The 2024 Social Security budget adopted a year ago included a provision allowing the National Medicines Safety Agency (ANSM) to authorize the sale in France of cannabis-based medicines, thus paving the way for a generalization of the use of these products.
This green light was based in particular on the favorable results of an experiment since 2021, which today still concerns more than 1,800 patients using these drugs, and which must end on December 31.
But the executive has not taken the necessary regulatory texts to apply this provision, and patients and doctors “risk finding themselves in an impasse again” in 2025, explained Ludovic Rachou, president of the Union of industrial companies for the valorization of hemp extracts (Uivec).
According to him, the patients included in the experiment could no longer have access to the products “from January or February, when hospital pharmacies” will have reached the end of their stocks, he explained.
As for access to new patients, it will continue to be impossible, as has already been the case since the closure of the experiment on March 31.
Unrelieved pain
Faced with this situation, Uivec and doctors and patient associations are asking the government to use the 2025 Social Security draft budget to extend at the last minute the experiment underway since 2021. “Behind these deadlines, there are thousands of betrayed patients who see their hope of benefiting from new treatments slip away.

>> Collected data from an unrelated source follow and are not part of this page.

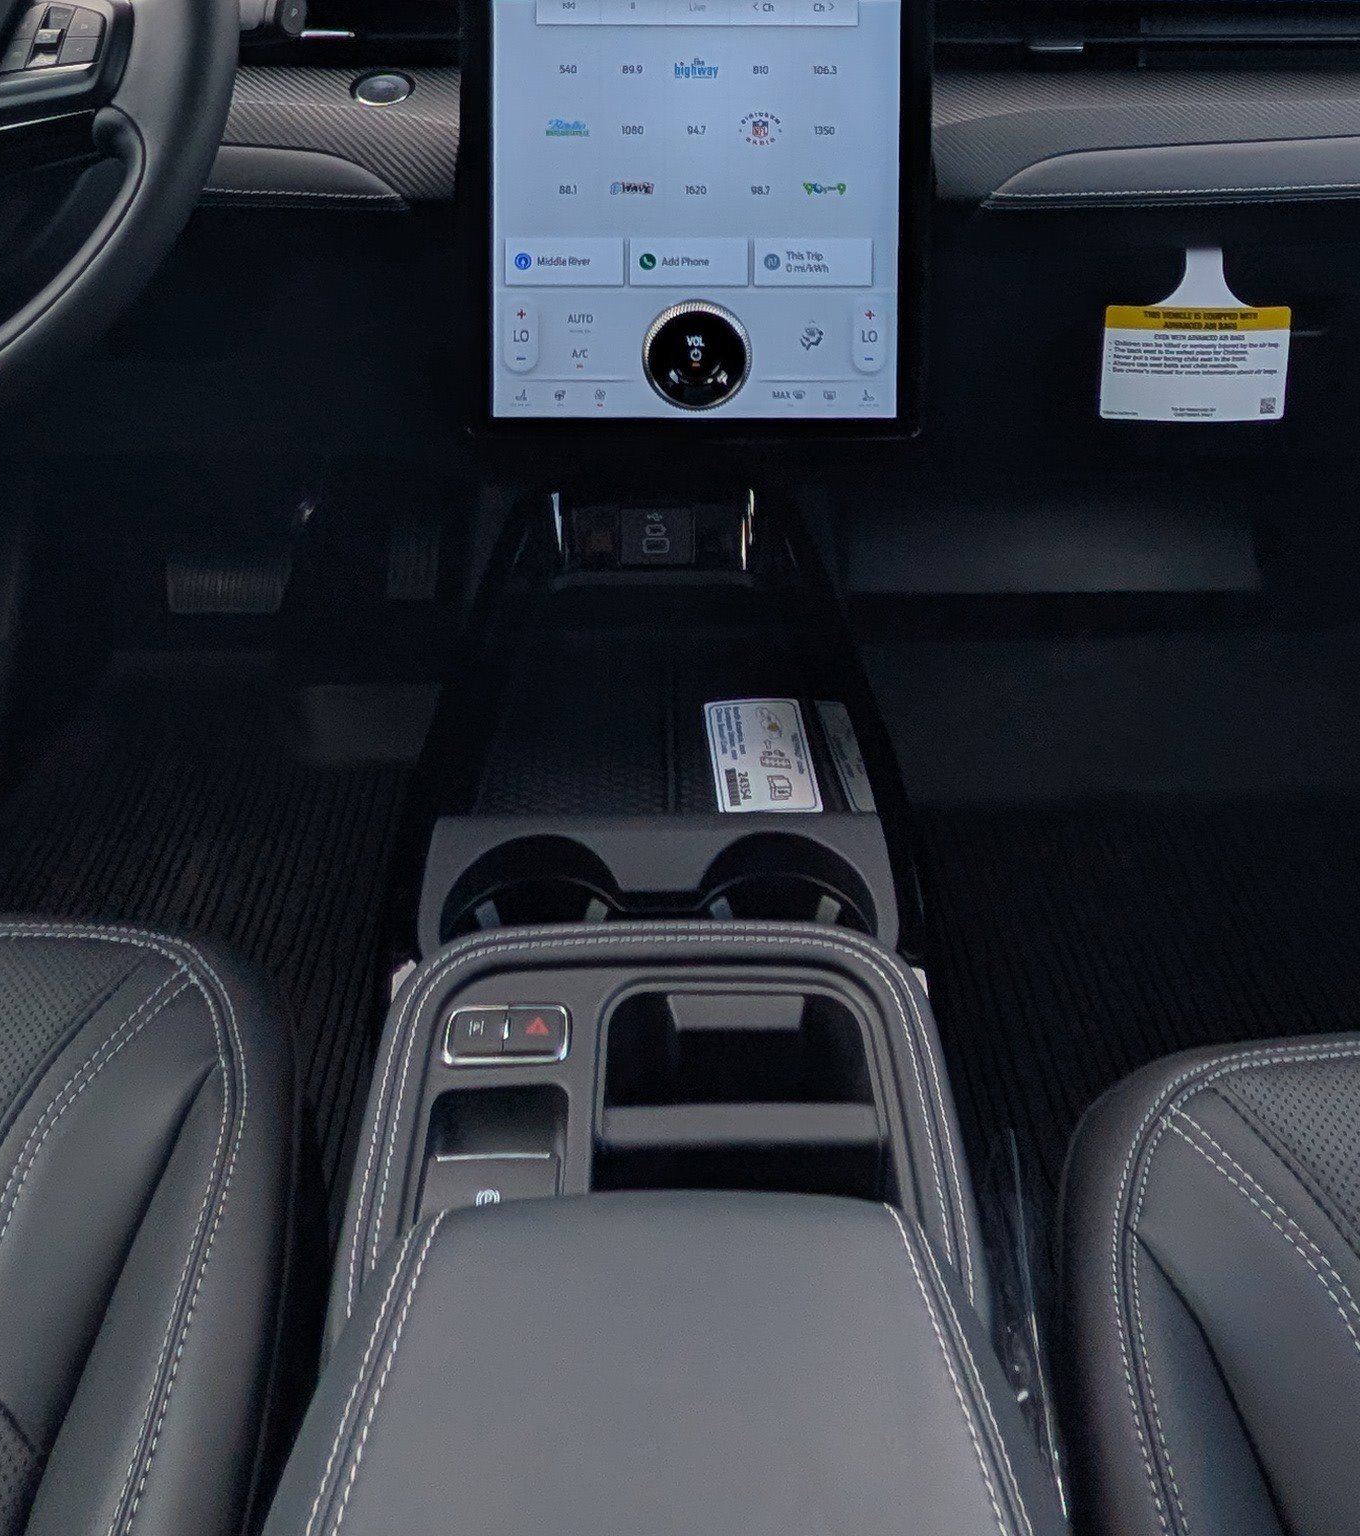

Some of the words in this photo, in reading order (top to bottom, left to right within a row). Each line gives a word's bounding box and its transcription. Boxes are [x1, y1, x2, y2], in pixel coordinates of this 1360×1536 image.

[559, 65, 577, 74] 540
[622, 65, 643, 74] 89.9
[674, 61, 718, 79] highway
[752, 66, 769, 75] 810
[813, 66, 837, 75] 106.3
[537, 257, 567, 266] Middle
[568, 257, 590, 266] River
[786, 251, 804, 261] This
[805, 251, 824, 262] Trip
[661, 257, 679, 267] Add
[681, 257, 710, 267] Phone
[567, 314, 593, 324] AUTO
[513, 330, 529, 343] LO
[686, 335, 705, 347] VOL
[862, 330, 878, 343] LO
[572, 349, 588, 359] A/C
[772, 391, 791, 400] MAX

It is the patients, already suffering, who are forced to suffer the consequences,” deplore around fifteen doctors and around ten patient associations, in a letter to the Minister of Health sent by the Uivec.

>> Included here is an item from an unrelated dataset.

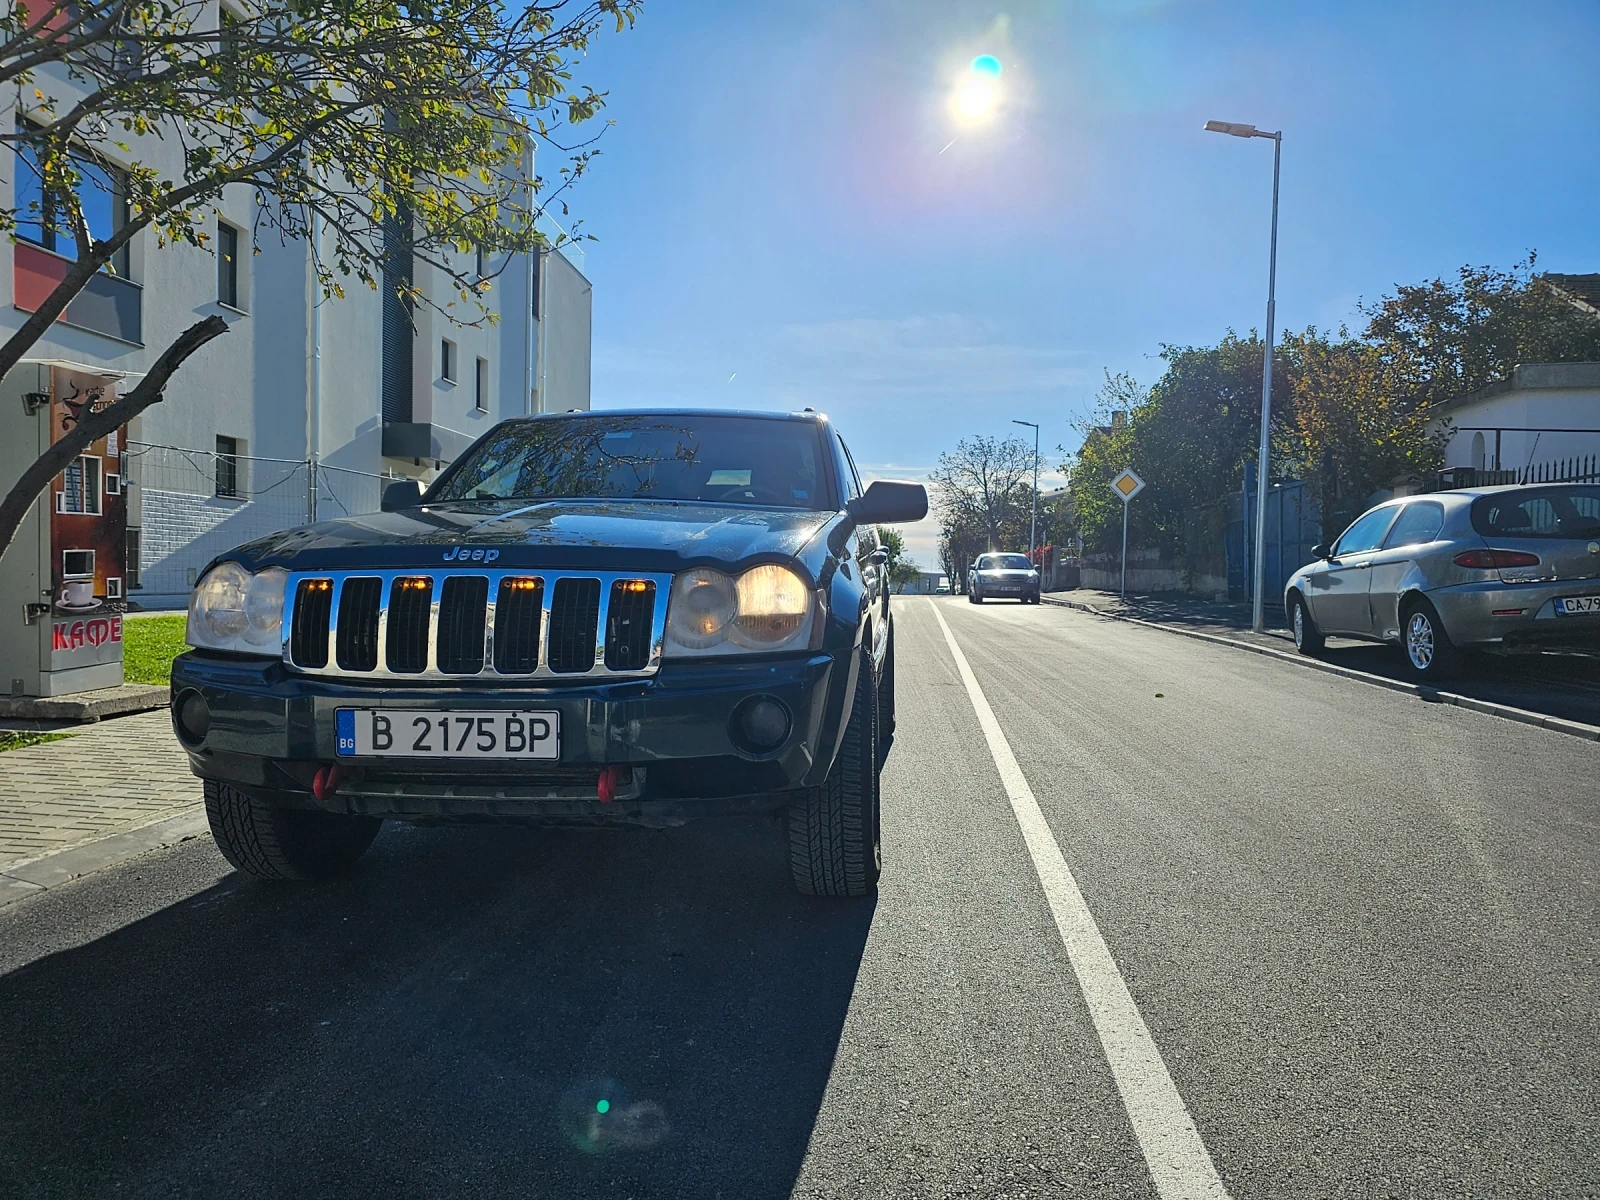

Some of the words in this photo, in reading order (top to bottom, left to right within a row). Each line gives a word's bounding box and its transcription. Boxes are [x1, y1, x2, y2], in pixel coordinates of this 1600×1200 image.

“How can we explain that in France, a Social Security country, we are incapable of following the example of the 22 countries of the European Union which have already authorized medical cannabis? », they ask.
Therapeutic cannabis is used to improve the quality of life of patients who suffer from pain not relieved by other medications. It can be used in particular in cases of cancer, multiple sclerosis, epilepsy or rare diseases. The therapeutic benefit of cannabis is subject to debate, and both the Academy of Medicine and the Academy of Pharmacy have criticized its experimentation.